Privacy-Aware Machine Unlearning with SISA for RL-Based Ransomware Detection
Introduction
The confluence of privacy mandates in AI deployment and the operational demand for robust ransomware detection systems necessitates methods for efficient and accountable machine unlearning. This work proposes a privacy-aware unlearning framework for reinforcement learning (RL)-based ransomware detection, leveraging the Sharded, Isolated, Sliced, and Aggregated (SISA) training paradigm. The framework allows for targeted removal of the influence of individual training samples by retraining only affected shards, obviating the need for exhaustive model retraining. The proposed approach is systematically compared using Deep Q-Network (DQN) and Double Deep Q-Network (DDQN) agents on state-of-the-art behavioral telemetry from Windows 11 ransomware and benign samples.

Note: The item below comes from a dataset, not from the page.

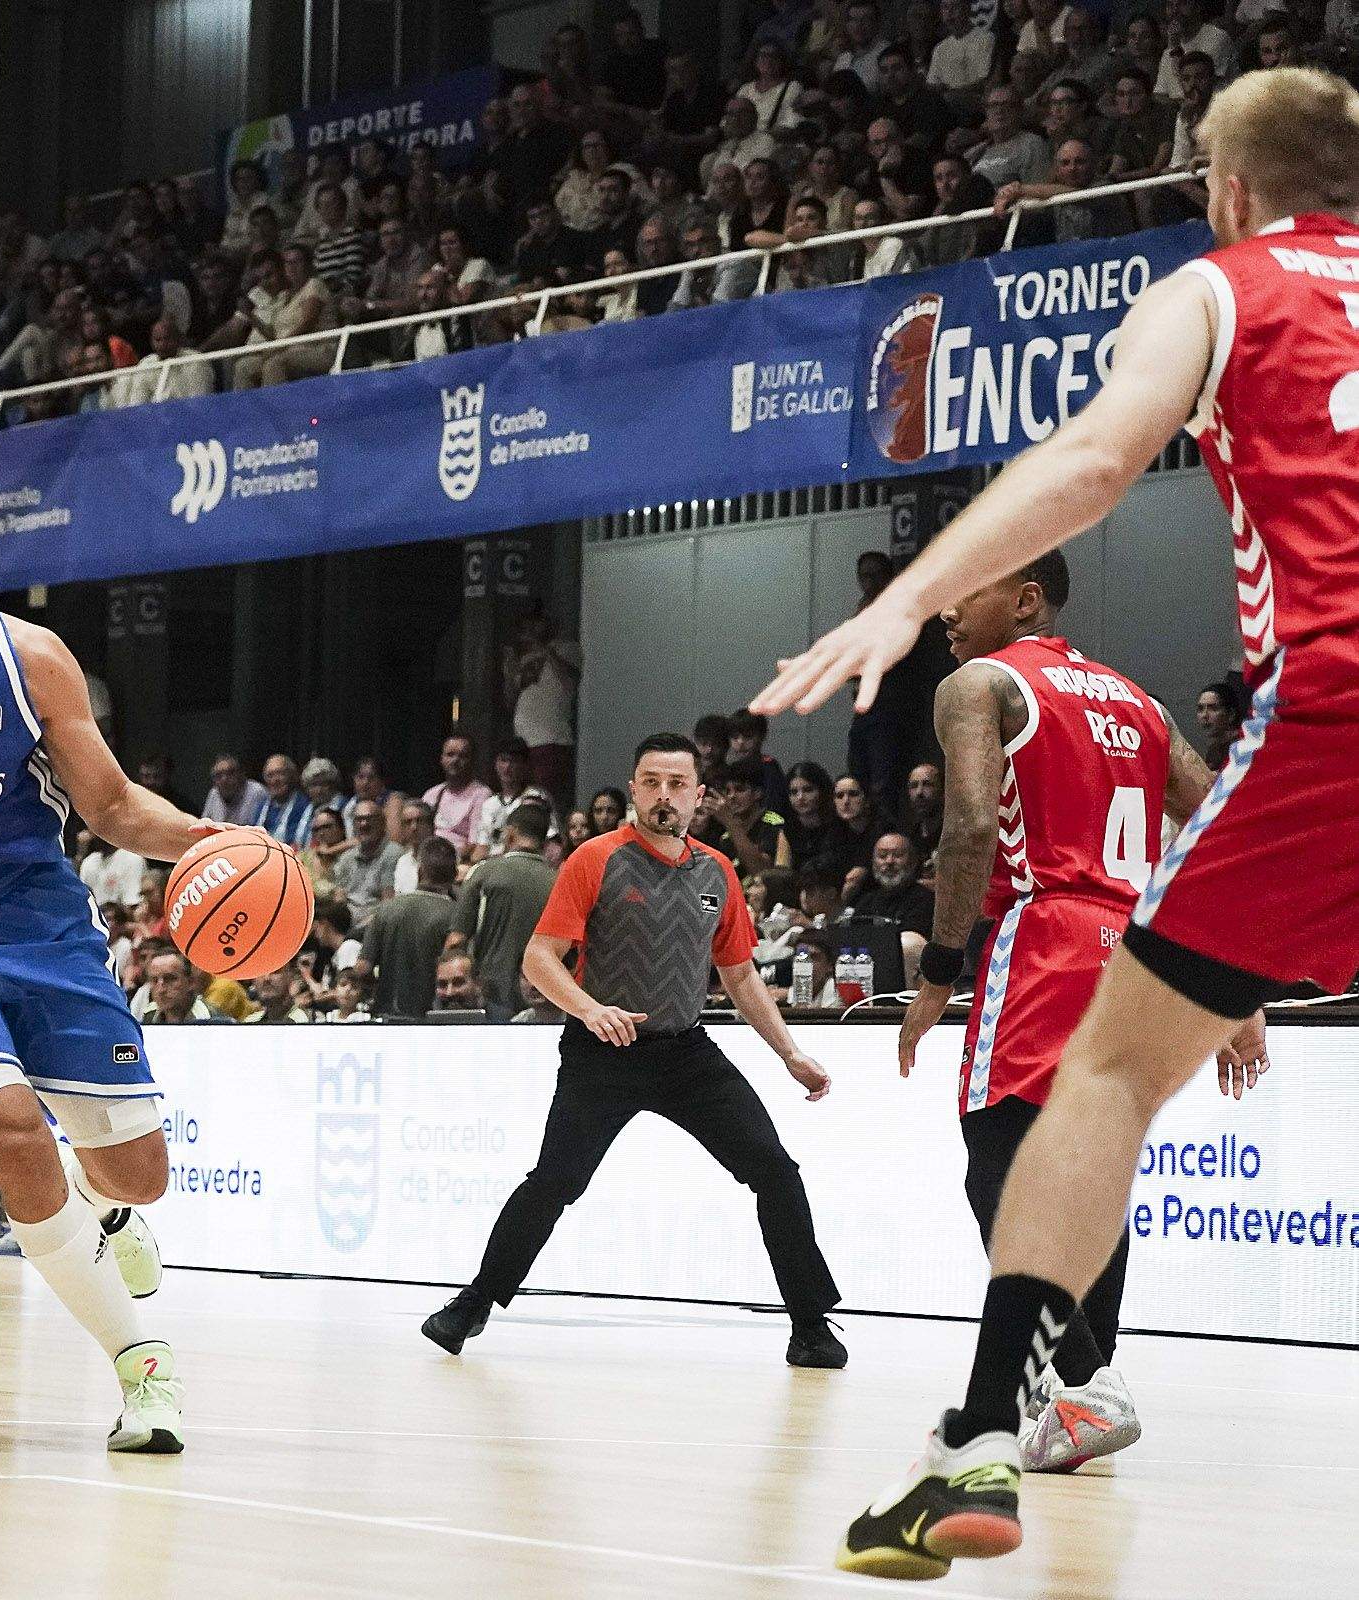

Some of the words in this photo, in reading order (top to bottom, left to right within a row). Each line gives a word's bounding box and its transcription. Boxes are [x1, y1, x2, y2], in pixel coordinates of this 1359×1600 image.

SISA-Based RL Framework for Ransomware Detection
The deployment workflow is succinctly captured in the SISA methodology. The dataset is partitioned into disjoint shards, with independent value-based RL agents trained on each shard. Ensemble aggregation of Q-network outputs at inference employs majority voting to enhance robustness and confine the impact of targeted sample deletion to specific shards. Unlearning is operationalized via retraining of the affected shard(s) only, thus maintaining computational tractability.
Figure 1: Workflow of the SISA-based training and aggregation framework.
The underlying RL formulation incorporates a cost-sensitive reward function with pronounced asymmetry to reflect the operational risk landscape of ransomware detection; false negatives (missed ransomware) incur a higher penalty than false positives.
Experimental Design and Dataset
The experimental regime utilizes a carefully curated dataset containing 2000 executables encompassing both benign files and 30 ransomware families, with rigorous validation using multi-engine consensus labeling. Feature engineering results in 103-dimensional behavioral vectors capturing filesystem activity, registry interactions, network events, and cryptographic operations.
Value-based RL (DQN, DDQN) agents are instantiated for each shard and trained with hyperparameters tuned for stability and efficiency (e.g., Adam optimizer, γ=0.1, Huber loss, ϵ-greedy exploration). Evaluation employs 5-fold stratified cross-validation, with performance measured via F1-score and continuous Q-score–based ROC-AUC, where Q-score is computed as
Qθ​(X,1)−Qθ​(X,0)
allowing robust performance assessment beyond standard accuracy.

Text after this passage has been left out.